*** DATA FOR PROCESSING ***

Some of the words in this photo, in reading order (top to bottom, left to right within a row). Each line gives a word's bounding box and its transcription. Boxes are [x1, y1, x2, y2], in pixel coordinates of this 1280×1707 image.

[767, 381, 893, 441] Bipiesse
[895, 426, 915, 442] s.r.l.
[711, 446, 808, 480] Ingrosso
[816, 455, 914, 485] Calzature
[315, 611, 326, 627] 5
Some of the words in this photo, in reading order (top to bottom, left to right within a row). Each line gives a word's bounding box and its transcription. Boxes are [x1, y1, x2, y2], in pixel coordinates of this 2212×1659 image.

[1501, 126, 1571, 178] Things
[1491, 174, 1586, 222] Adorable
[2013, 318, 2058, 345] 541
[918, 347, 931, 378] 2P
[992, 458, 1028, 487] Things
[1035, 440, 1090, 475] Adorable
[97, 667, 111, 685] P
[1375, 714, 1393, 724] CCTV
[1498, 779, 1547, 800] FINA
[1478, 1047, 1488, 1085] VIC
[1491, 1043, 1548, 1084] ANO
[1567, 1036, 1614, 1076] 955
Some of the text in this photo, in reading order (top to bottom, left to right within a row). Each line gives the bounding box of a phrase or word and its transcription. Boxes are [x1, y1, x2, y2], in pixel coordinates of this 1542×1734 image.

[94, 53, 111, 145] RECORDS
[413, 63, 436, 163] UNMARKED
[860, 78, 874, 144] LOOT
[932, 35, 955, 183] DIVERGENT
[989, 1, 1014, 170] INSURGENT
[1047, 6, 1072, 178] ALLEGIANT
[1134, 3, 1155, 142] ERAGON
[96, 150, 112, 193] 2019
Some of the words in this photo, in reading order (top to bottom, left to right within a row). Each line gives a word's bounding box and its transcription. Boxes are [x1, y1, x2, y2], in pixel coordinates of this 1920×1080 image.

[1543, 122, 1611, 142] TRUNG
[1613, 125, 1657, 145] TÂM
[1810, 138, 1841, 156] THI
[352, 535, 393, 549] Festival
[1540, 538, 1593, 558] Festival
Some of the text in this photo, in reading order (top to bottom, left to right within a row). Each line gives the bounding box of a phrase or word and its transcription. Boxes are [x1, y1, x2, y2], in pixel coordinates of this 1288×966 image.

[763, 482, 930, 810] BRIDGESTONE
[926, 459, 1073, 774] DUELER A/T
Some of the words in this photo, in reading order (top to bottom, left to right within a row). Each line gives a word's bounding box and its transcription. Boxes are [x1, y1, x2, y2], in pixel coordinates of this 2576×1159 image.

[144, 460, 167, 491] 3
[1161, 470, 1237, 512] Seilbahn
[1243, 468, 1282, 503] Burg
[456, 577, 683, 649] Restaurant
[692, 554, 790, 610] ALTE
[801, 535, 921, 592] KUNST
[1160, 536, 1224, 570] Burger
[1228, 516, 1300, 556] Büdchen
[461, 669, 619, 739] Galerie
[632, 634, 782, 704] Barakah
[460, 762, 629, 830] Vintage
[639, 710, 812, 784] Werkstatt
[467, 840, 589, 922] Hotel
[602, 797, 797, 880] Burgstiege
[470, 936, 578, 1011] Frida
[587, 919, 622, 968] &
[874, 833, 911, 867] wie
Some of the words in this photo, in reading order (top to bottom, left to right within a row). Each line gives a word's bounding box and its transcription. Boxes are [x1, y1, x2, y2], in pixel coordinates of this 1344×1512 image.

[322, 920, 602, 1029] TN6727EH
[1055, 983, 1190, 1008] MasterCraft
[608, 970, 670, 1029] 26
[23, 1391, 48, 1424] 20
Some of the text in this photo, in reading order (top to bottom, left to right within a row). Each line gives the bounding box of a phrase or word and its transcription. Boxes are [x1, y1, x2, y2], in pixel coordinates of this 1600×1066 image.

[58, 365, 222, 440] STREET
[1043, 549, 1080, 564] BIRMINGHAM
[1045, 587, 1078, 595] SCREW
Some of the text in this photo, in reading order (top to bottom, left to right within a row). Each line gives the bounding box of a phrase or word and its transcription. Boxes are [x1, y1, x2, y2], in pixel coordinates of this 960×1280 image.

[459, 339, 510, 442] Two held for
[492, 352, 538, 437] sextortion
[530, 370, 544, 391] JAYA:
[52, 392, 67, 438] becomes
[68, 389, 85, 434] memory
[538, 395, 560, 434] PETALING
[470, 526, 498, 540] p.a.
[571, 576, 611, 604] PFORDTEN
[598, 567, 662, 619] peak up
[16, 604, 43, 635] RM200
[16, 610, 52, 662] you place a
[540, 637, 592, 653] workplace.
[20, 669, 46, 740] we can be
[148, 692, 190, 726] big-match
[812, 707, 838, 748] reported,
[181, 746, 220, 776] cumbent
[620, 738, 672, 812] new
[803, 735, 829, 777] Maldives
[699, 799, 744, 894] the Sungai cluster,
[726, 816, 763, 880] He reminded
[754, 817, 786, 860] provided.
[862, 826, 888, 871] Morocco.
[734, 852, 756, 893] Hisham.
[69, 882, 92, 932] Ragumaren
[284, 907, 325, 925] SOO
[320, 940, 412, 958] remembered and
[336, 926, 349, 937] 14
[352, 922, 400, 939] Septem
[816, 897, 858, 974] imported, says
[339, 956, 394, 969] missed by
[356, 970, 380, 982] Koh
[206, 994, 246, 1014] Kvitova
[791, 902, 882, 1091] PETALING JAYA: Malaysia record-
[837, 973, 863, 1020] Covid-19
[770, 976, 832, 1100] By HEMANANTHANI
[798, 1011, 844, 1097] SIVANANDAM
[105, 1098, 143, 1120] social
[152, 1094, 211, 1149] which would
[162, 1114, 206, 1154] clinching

*** End of DATA FOR PROCESSING ***

ABOUT THIS TASK: Set down all of the entries exactly, please.

SOLUTION:
Some of the words in this photo, in reading order (top to bottom, left to right within a row). Each line gives a word's bounding box and its transcription. Boxes are [x1, y1, x2, y2], in pixel coordinates of this 1280×1707 image.

[767, 381, 893, 441] Bipiesse
[895, 426, 915, 442] s.r.l.
[711, 446, 808, 480] Ingrosso
[816, 455, 914, 485] Calzature
[315, 611, 326, 627] 5
Some of the words in this photo, in reading order (top to bottom, left to right within a row). Each line gives a word's bounding box and its transcription. Boxes are [x1, y1, x2, y2], in pixel coordinates of this 2212×1659 image.

[1501, 126, 1571, 178] Things
[1491, 174, 1586, 222] Adorable
[2013, 318, 2058, 345] 541
[918, 347, 931, 378] 2P
[992, 458, 1028, 487] Things
[1035, 440, 1090, 475] Adorable
[97, 667, 111, 685] P
[1375, 714, 1393, 724] CCTV
[1498, 779, 1547, 800] FINA
[1478, 1047, 1488, 1085] VIC
[1491, 1043, 1548, 1084] ANO
[1567, 1036, 1614, 1076] 955
Some of the text in this photo, in reading order (top to bottom, left to right within a row). Each line gives the bounding box of a phrase or word and its transcription. Boxes are [x1, y1, x2, y2], in pixel coordinates of this 1542×1734 image.

[94, 53, 111, 145] RECORDS
[413, 63, 436, 163] UNMARKED
[860, 78, 874, 144] LOOT
[932, 35, 955, 183] DIVERGENT
[989, 1, 1014, 170] INSURGENT
[1047, 6, 1072, 178] ALLEGIANT
[1134, 3, 1155, 142] ERAGON
[96, 150, 112, 193] 2019
Some of the words in this photo, in reading order (top to bottom, left to right within a row). Each line gives a word's bounding box and its transcription. Boxes are [x1, y1, x2, y2], in pixel coordinates of this 1920×1080 image.

[1543, 122, 1611, 142] TRUNG
[1613, 125, 1657, 145] TÂM
[1810, 138, 1841, 156] THI
[352, 535, 393, 549] Festival
[1540, 538, 1593, 558] Festival
Some of the text in this photo, in reading order (top to bottom, left to right within a row). Each line gives the bounding box of a phrase or word and its transcription. Boxes are [x1, y1, x2, y2], in pixel coordinates of this 1288×966 image.

[763, 482, 930, 810] BRIDGESTONE
[926, 459, 1073, 774] DUELER A/T
Some of the words in this photo, in reading order (top to bottom, left to right within a row). Each line gives a word's bounding box and its transcription. Boxes are [x1, y1, x2, y2], in pixel coordinates of this 2576×1159 image.

[144, 460, 167, 491] 3
[1161, 470, 1237, 512] Seilbahn
[1243, 468, 1282, 503] Burg
[456, 577, 683, 649] Restaurant
[692, 554, 790, 610] ALTE
[801, 535, 921, 592] KUNST
[1160, 536, 1224, 570] Burger
[1228, 516, 1300, 556] Büdchen
[461, 669, 619, 739] Galerie
[632, 634, 782, 704] Barakah
[460, 762, 629, 830] Vintage
[639, 710, 812, 784] Werkstatt
[467, 840, 589, 922] Hotel
[602, 797, 797, 880] Burgstiege
[470, 936, 578, 1011] Frida
[587, 919, 622, 968] &
[874, 833, 911, 867] wie
Some of the words in this photo, in reading order (top to bottom, left to right within a row). Each line gives a word's bounding box and its transcription. Boxes are [x1, y1, x2, y2], in pixel coordinates of this 1344×1512 image.

[322, 920, 602, 1029] TN6727EH
[1055, 983, 1190, 1008] MasterCraft
[608, 970, 670, 1029] 26
[23, 1391, 48, 1424] 20
Some of the text in this photo, in reading order (top to bottom, left to right within a row). Each line gives the bounding box of a phrase or word and its transcription. Boxes are [x1, y1, x2, y2], in pixel coordinates of this 1600×1066 image.

[58, 365, 222, 440] STREET
[1043, 549, 1080, 564] BIRMINGHAM
[1045, 587, 1078, 595] SCREW
Some of the text in this photo, in reading order (top to bottom, left to right within a row). Each line gives the bounding box of a phrase or word and its transcription. Boxes are [x1, y1, x2, y2], in pixel coordinates of this 960×1280 image.

[459, 339, 510, 442] Two held for
[492, 352, 538, 437] sextortion
[530, 370, 544, 391] JAYA:
[52, 392, 67, 438] becomes
[68, 389, 85, 434] memory
[538, 395, 560, 434] PETALING
[470, 526, 498, 540] p.a.
[571, 576, 611, 604] PFORDTEN
[598, 567, 662, 619] peak up
[16, 604, 43, 635] RM200
[16, 610, 52, 662] you place a
[540, 637, 592, 653] workplace.
[20, 669, 46, 740] we can be
[148, 692, 190, 726] big-match
[812, 707, 838, 748] reported,
[181, 746, 220, 776] cumbent
[620, 738, 672, 812] new
[803, 735, 829, 777] Maldives
[699, 799, 744, 894] the Sungai cluster,
[726, 816, 763, 880] He reminded
[754, 817, 786, 860] provided.
[862, 826, 888, 871] Morocco.
[734, 852, 756, 893] Hisham.
[69, 882, 92, 932] Ragumaren
[284, 907, 325, 925] SOO
[320, 940, 412, 958] remembered and
[336, 926, 349, 937] 14
[352, 922, 400, 939] Septem
[816, 897, 858, 974] imported, says
[339, 956, 394, 969] missed by
[356, 970, 380, 982] Koh
[206, 994, 246, 1014] Kvitova
[791, 902, 882, 1091] PETALING JAYA: Malaysia record-
[837, 973, 863, 1020] Covid-19
[770, 976, 832, 1100] By HEMANANTHANI
[798, 1011, 844, 1097] SIVANANDAM
[105, 1098, 143, 1120] social
[152, 1094, 211, 1149] which would
[162, 1114, 206, 1154] clinching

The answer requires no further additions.